Exercise goal
Below are records to reproduce in full; copy them exactly but keep the pictures out.

(Free-text object descriptions)

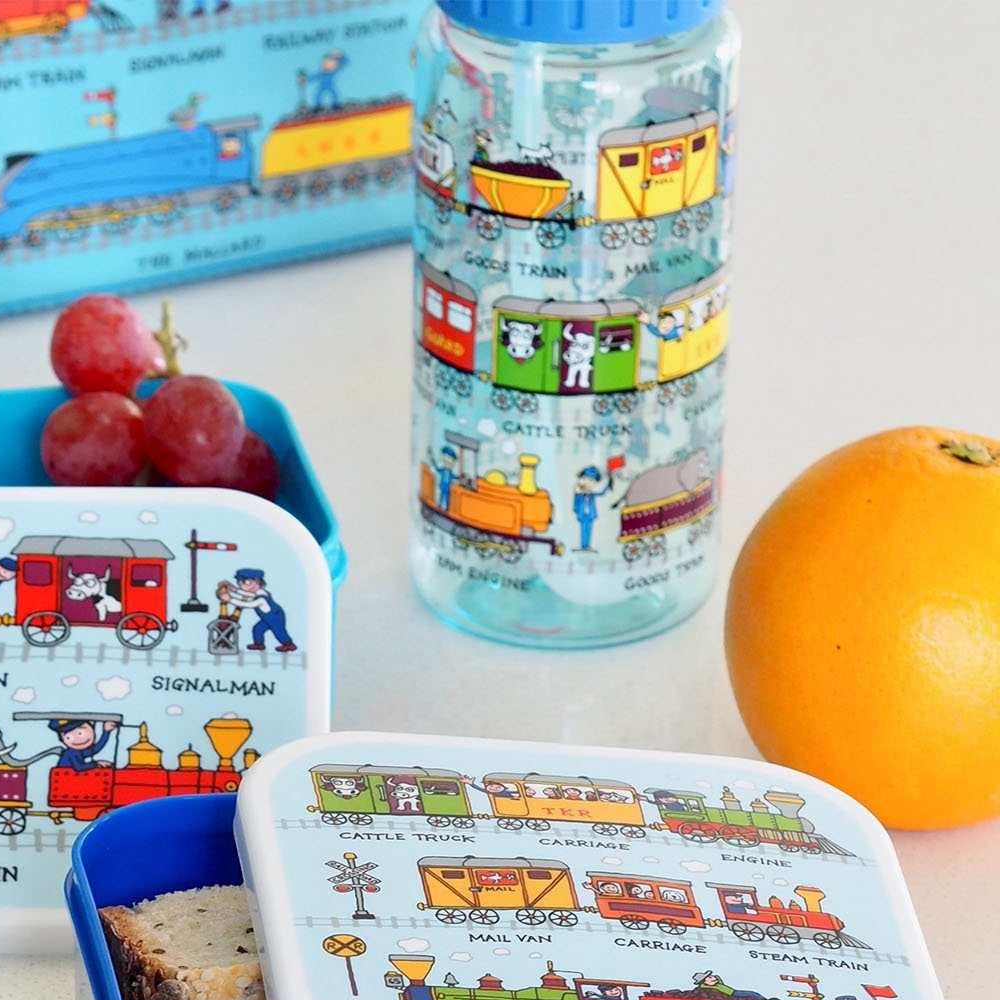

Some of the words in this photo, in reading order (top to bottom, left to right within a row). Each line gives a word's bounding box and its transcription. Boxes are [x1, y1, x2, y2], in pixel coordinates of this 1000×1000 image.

[517, 262, 568, 279] TRAIN
[503, 421, 564, 439] CATTLE
[574, 424, 633, 440] TRUCK
[468, 567, 531, 592] ENGINE
[151, 675, 276, 697] SIGNALMAN
[541, 806, 594, 819] TKR
[339, 831, 406, 842] CATTLE
[412, 832, 477, 844] TRUCK
[538, 837, 632, 852] CARRIAGE
[720, 853, 793, 869] ENGINE
[485, 885, 516, 893] MAIL
[326, 941, 336, 951] R
[353, 942, 364, 951] R
[469, 933, 511, 944] MAIL
[516, 934, 553, 944] VAN
[614, 937, 708, 955] CARRIAGE
[748, 949, 810, 965] STEAM
[812, 956, 870, 973] TRAIN

Reply to the task
Some of the words in this photo, in reading order (top to bottom, left to right within a row). Each line gives a word's bounding box and its transcription. Boxes are [x1, y1, x2, y2], in pixel coordinates of this 1000×1000 image.

[517, 262, 568, 279] TRAIN
[503, 421, 564, 439] CATTLE
[574, 424, 633, 440] TRUCK
[468, 567, 531, 592] ENGINE
[151, 675, 276, 697] SIGNALMAN
[541, 806, 594, 819] TKR
[339, 831, 406, 842] CATTLE
[412, 832, 477, 844] TRUCK
[538, 837, 632, 852] CARRIAGE
[720, 853, 793, 869] ENGINE
[485, 885, 516, 893] MAIL
[326, 941, 336, 951] R
[353, 942, 364, 951] R
[469, 933, 511, 944] MAIL
[516, 934, 553, 944] VAN
[614, 937, 708, 955] CARRIAGE
[748, 949, 810, 965] STEAM
[812, 956, 870, 973] TRAIN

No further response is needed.